[Data items]
|---|

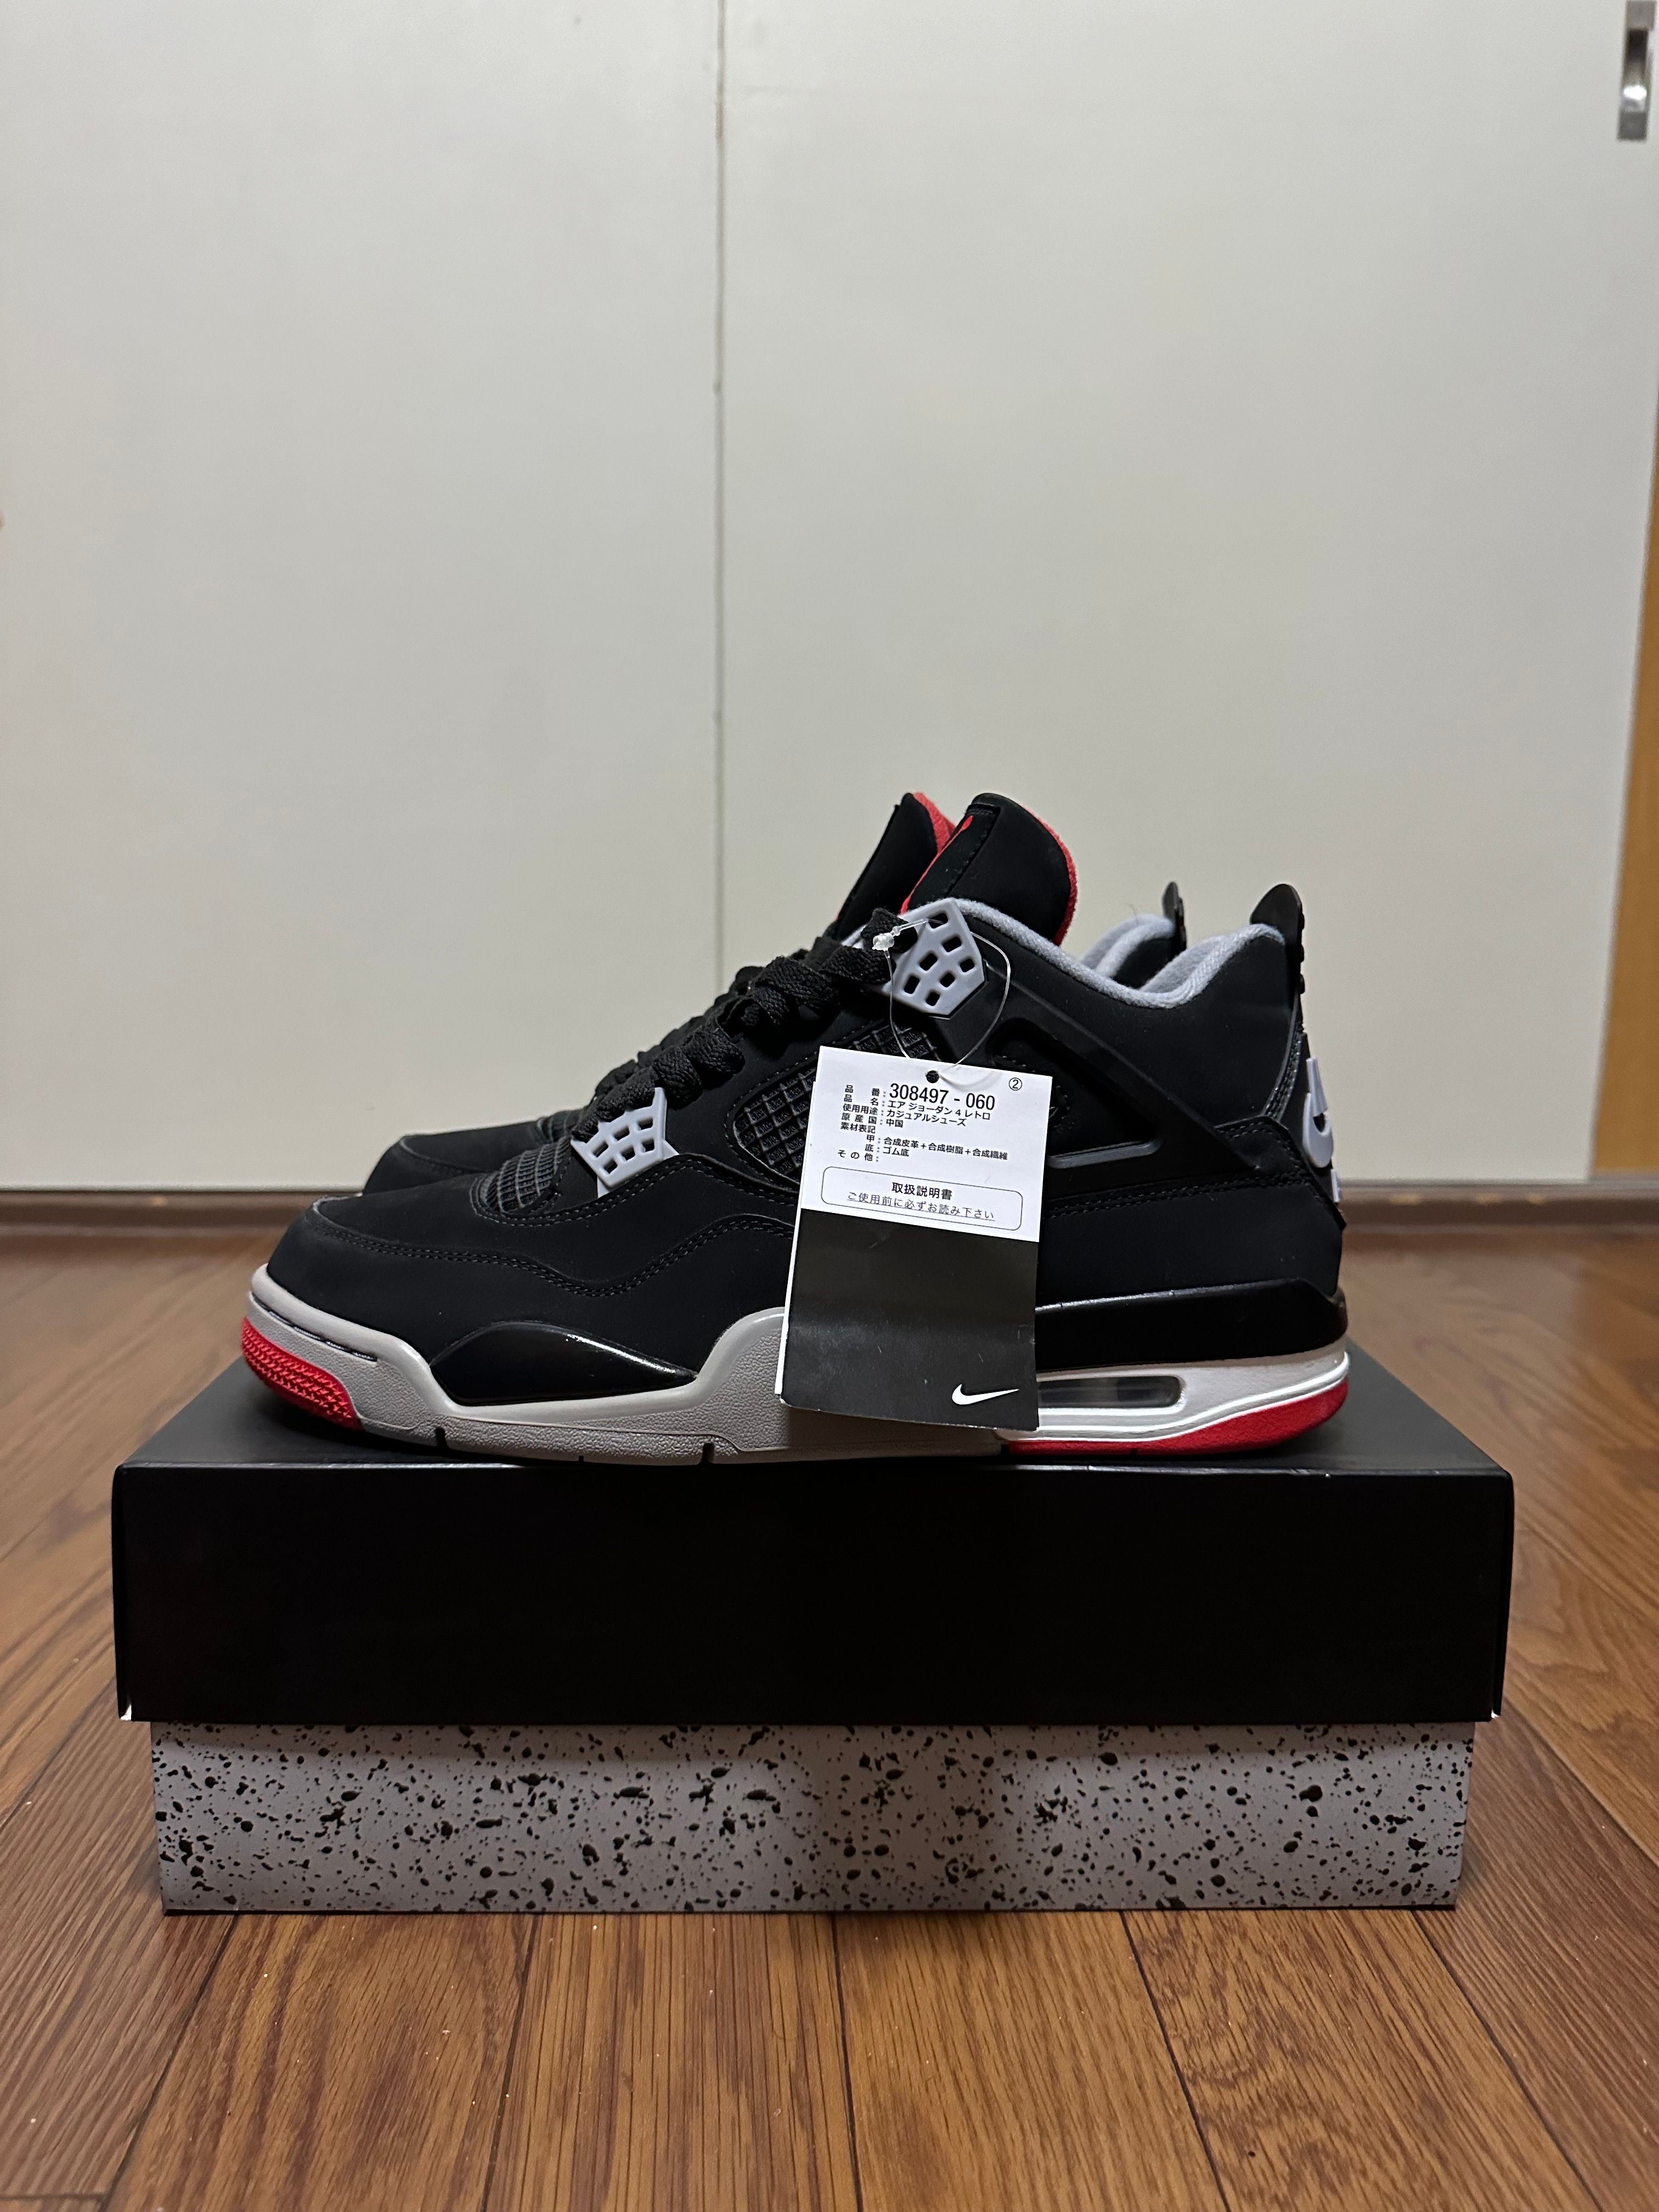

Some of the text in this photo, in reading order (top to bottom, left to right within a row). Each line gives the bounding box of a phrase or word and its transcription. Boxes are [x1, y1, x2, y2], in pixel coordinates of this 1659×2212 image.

[889, 1083, 949, 1104] 308497
[966, 1093, 995, 1110] 060
[887, 1109, 967, 1126] カジュアルシューズ
[965, 1110, 990, 1120] レトロ
[840, 1122, 876, 1133] 素材表記
[886, 1119, 904, 1127] 中国
[883, 1147, 909, 1156] ゴム底
[891, 1182, 952, 1200] 取扱説明書
[848, 1192, 994, 1219] ご使用前に必ずお読み下さい
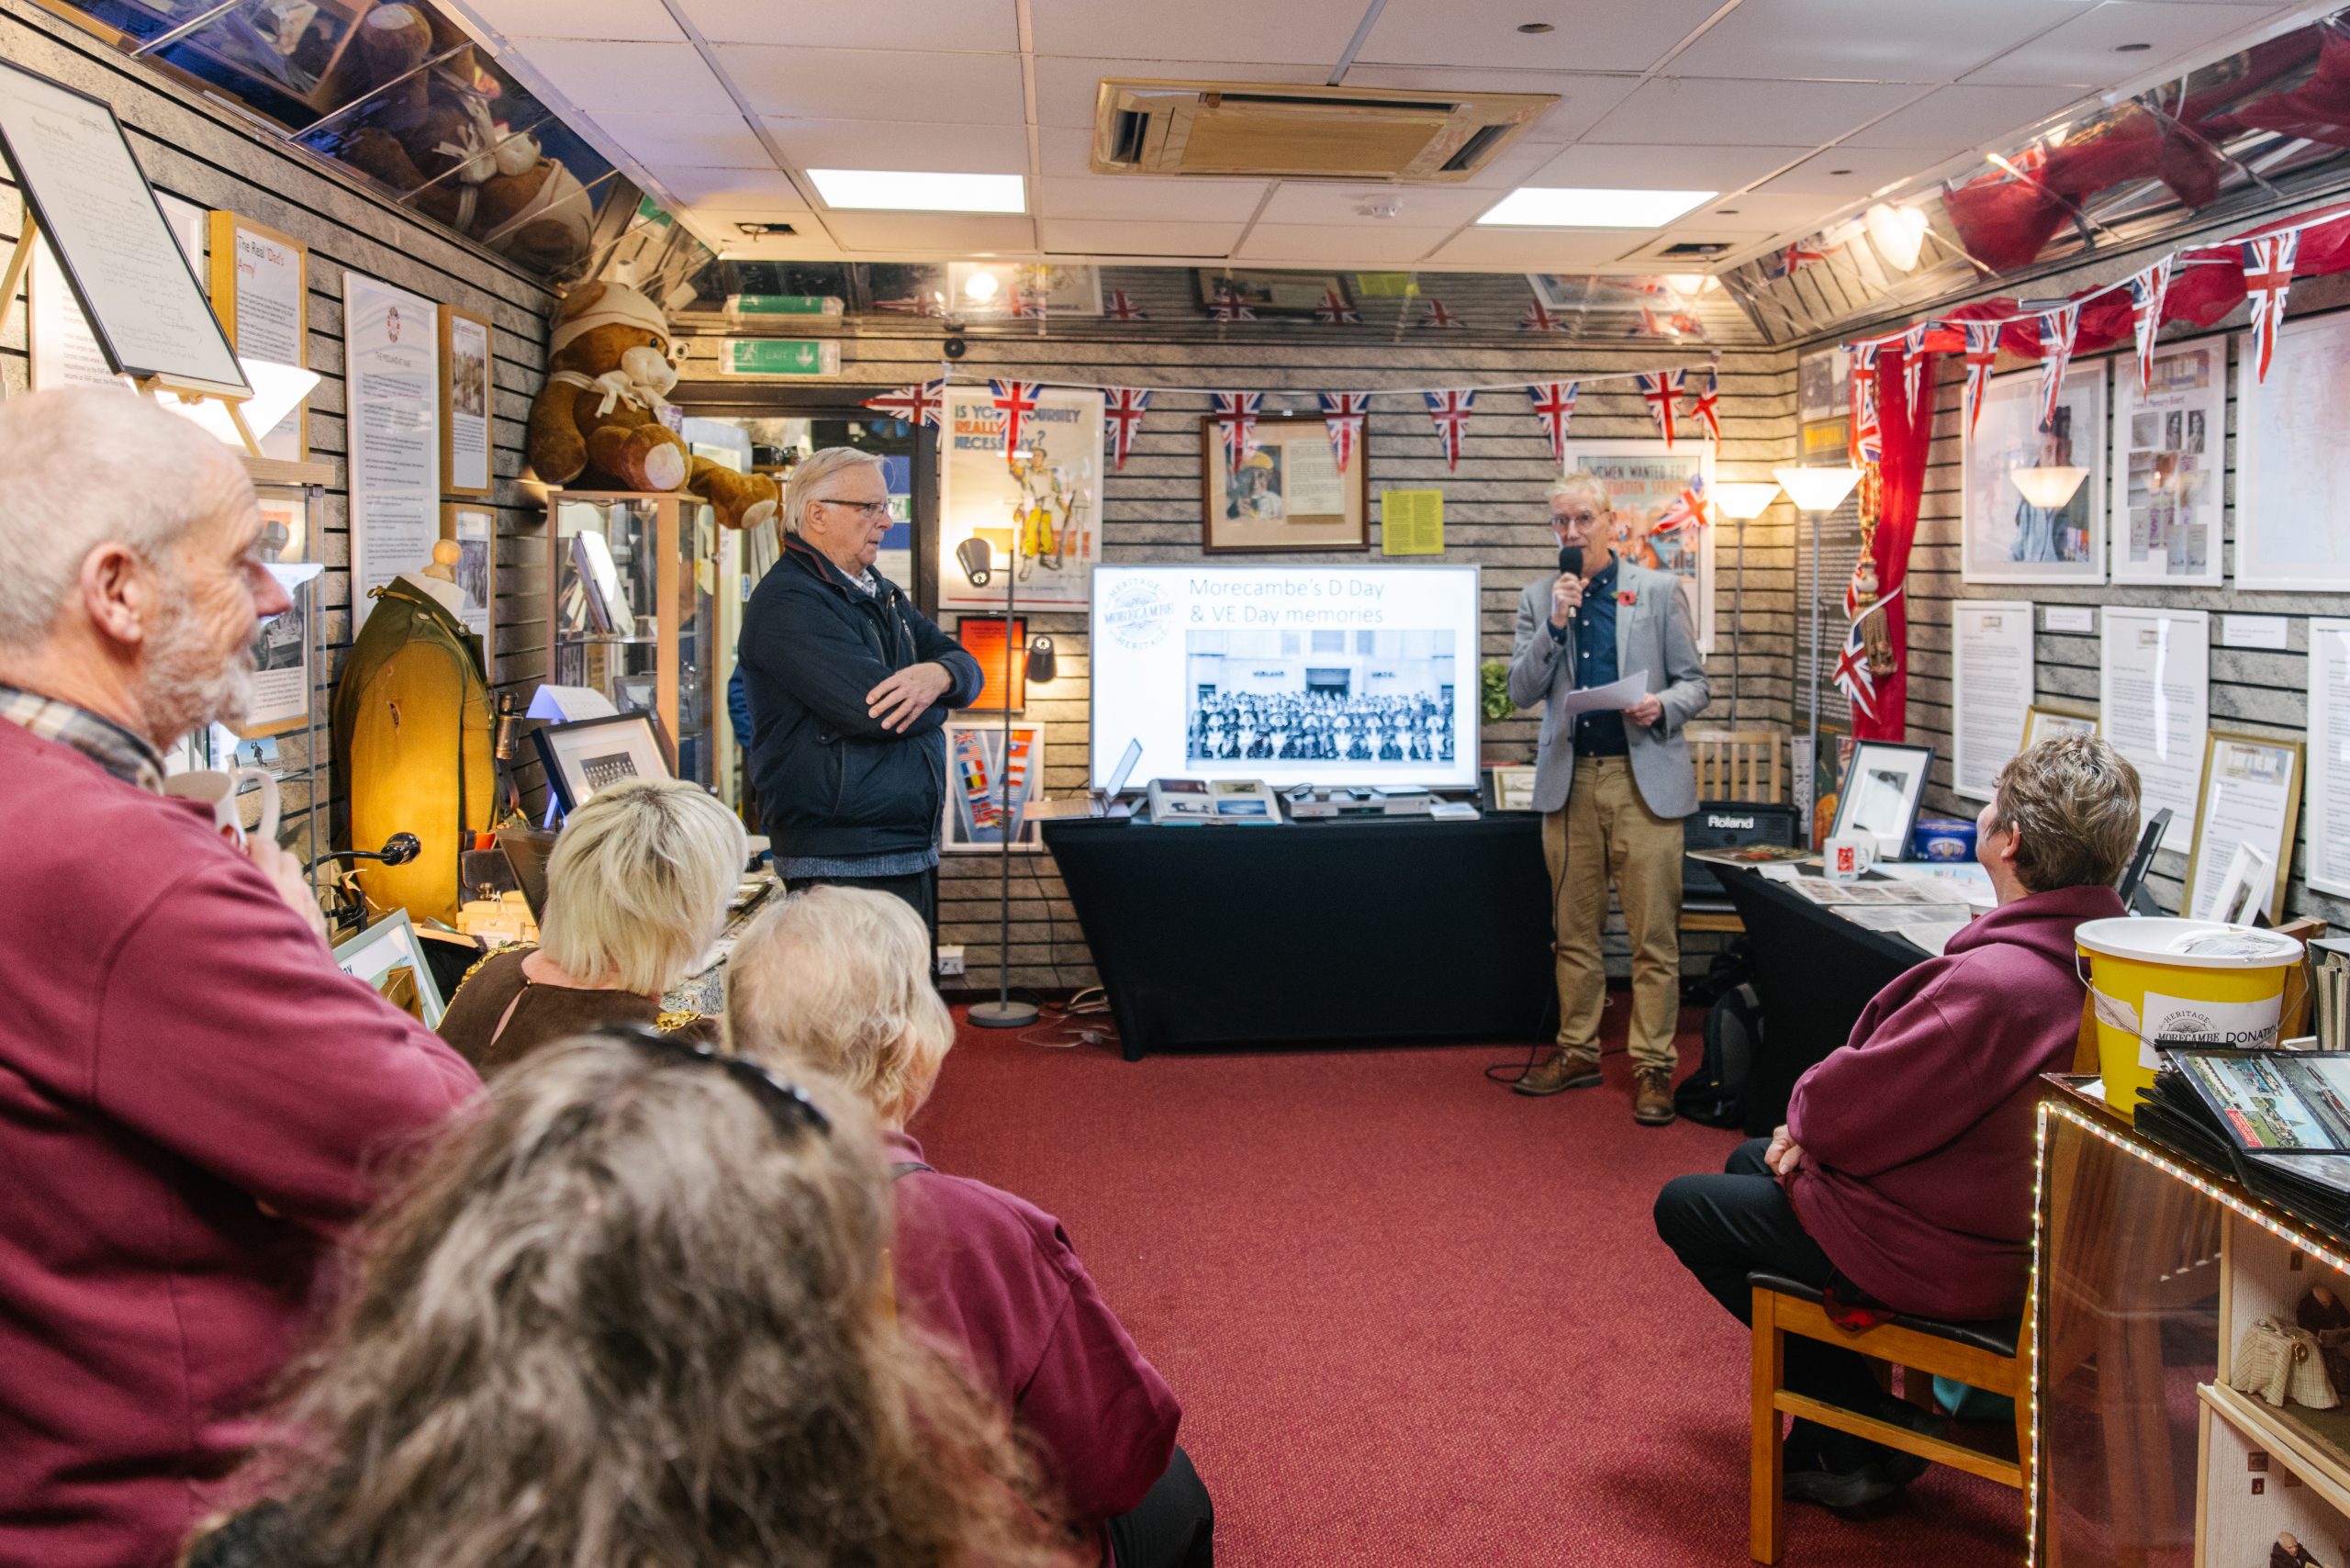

|---|

→ **Work instructions**: The task calls for every record to be transcribed exactly, with no images included.

→ **Solution to this exercise**:
Some of the text in this photo, in reading order (top to bottom, left to right within a row). Each line gives the bounding box of a phrase or word and its transcription. Boxes are [x1, y1, x2, y2], in pixel coordinates of this 1659×2212 image.

[889, 1083, 949, 1104] 308497
[966, 1093, 995, 1110] 060
[887, 1109, 967, 1126] カジュアルシューズ
[965, 1110, 990, 1120] レトロ
[840, 1122, 876, 1133] 素材表記
[886, 1119, 904, 1127] 中国
[883, 1147, 909, 1156] ゴム底
[891, 1182, 952, 1200] 取扱説明書
[848, 1192, 994, 1219] ご使用前に必ずお読み下さい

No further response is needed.